How much land mass would need to be covered by solar panels to power this future AI infrastructure. Yes, I'm implying that solar would be impractical, but I'm also genuinely curious.
Your implication is misguided, solar is in fact the most practical way to add more electricity for most countries.
The US generated an additional 64Twh of solar in 2024 compared to 2023. To get the same amount from nuclear you would need to build 5 large reactors in one year.
As for land mass, we can re-use already spent land mass, like rooftops, parking lots, grazing farmland and such. Solar can also be placed on lakes.
So for the foreseeable future there is no actual need for new land to be dedicated to solar.
Since America is so in love with car infrastructure, just turning open parking lots into covered lots would be more than enough.
Just converting all Walmart parking to covered solar would meet almost half of all US electrical demand.
4,070,000,000,000 kWh US electric use in 2022
Using 330W panels it would require 8,447,488 panels (4,070,000,000,000 kWh / (330W * 4 hours/day * 365 days/year)) which is 164,726,016 sq ft at 19.5 sq ft per panel.
Walmart has 4,612 stores in the US, averaging 1,000 parking spaces per store, and 180 sq ft per parking space (does not include driving lanes, end caps, etc.) giving us 830,160,000 sq ft.
Yes, hence my use of the word "dispersion". Over a wide enough area, the brine shouldn't have a noticeable impact on sea life. But concentrated release can be really damaging.
Even though I think solar is impractical as a primary source for various reasons, it doesn't take a lot.
David MacKay in "Sustainable Energy: Without the Hot Air" did a calculation circa 2010. To fulfill the world's energy needs back then, a 10 km^2 area in the Sahara desert would be sufficient. Even if you scaled that to 100 km^2, it's absolutely tiny on a global scale, and panels have only become more efficient since then.
The challenge of course is storage and distribution, but yeah, in terms of land area, it's not much.
I was curious about this number, so: 10 km^2 is 10mil square meters, Googling suggests that the theoretical maximum energy captured by a square meter of solar panel is well under 0.5 kW, so well under 12 kWh per day. Say 10 kWh for neatness. Then multiplying by 10mil gives 100mil kWh. More Googling suggests that 10 TWh is a comfortable lower bound for daily world energy usage, but 100mil kWh is 0.1 TWh.
So maybe 1000 km^2 is more like right order of magnitude. That's still tiny, about Hong Kong-sized. Even 100000 km^2 is about South Korea.

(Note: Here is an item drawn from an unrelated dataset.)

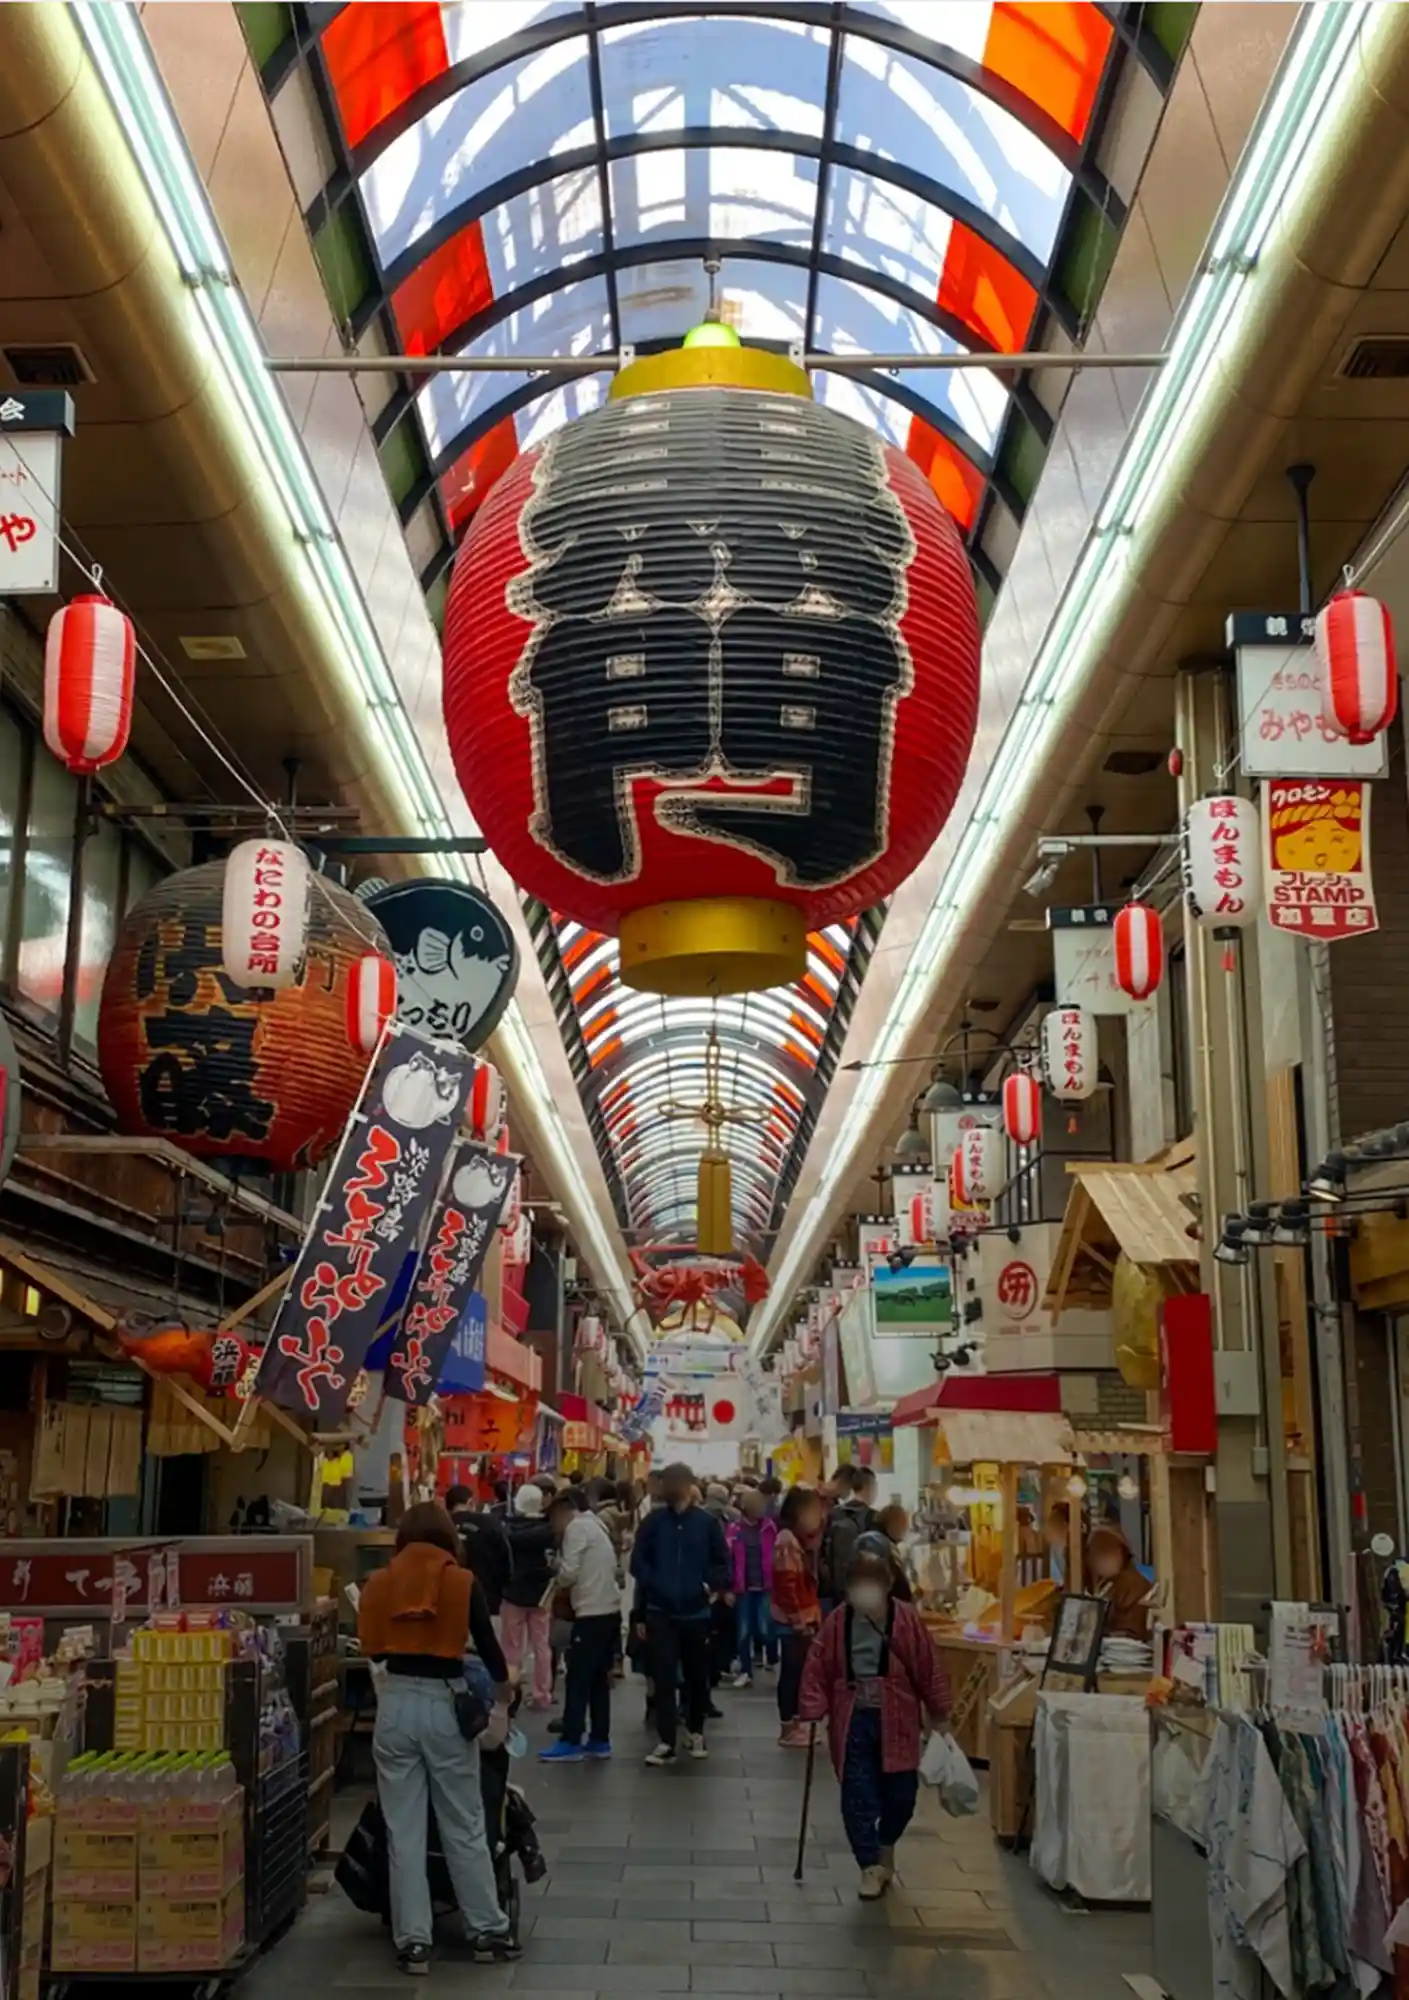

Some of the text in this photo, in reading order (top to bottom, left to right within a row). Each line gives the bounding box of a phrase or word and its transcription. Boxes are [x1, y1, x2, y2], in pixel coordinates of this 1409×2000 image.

3,000-4,000 acres per GW of production capacity in the US Southwest. According to AI :)
Considering how little use there is for most of that land anyways, it seems like a good option to me.
Also AI training seems like the perfect fit for solar. Run it when the sun is shining. Inference is significantly less power hungry, so it can run base load 24/7.

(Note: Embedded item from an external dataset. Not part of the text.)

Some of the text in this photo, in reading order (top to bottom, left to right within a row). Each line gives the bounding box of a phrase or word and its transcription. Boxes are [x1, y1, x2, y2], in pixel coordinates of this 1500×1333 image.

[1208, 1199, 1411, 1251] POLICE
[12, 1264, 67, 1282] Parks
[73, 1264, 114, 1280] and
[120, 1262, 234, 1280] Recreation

> Also AI training seems like the perfect fit for solar. Run it when the sun is shining. Inference is significantly less power hungry, so it can run base load 24/7.
If you're talking about just not running your data center when the sun isn't out, that effectively triples the cost of the building+ hardware. It would require a hell of a carbon tax to make the economics of this make sense.
> Inference is significantly less power hungry, so it can run base load 24/7.
All major AI providers need to throttle usage because their GPU clusters are at capacity. There is absolutely no way inference is less power hungry when you have many thousands of users hammering your servers at all times.
Furthermore NVIDIAs 80% profit margin makes idling your biggest capital expense a huge ROI problem. Google and Apple should have a big advantage in this regard.
If the balance between capital outlay and running costs was more balanced - then optimising the running cost becomes a big line item on the accounts.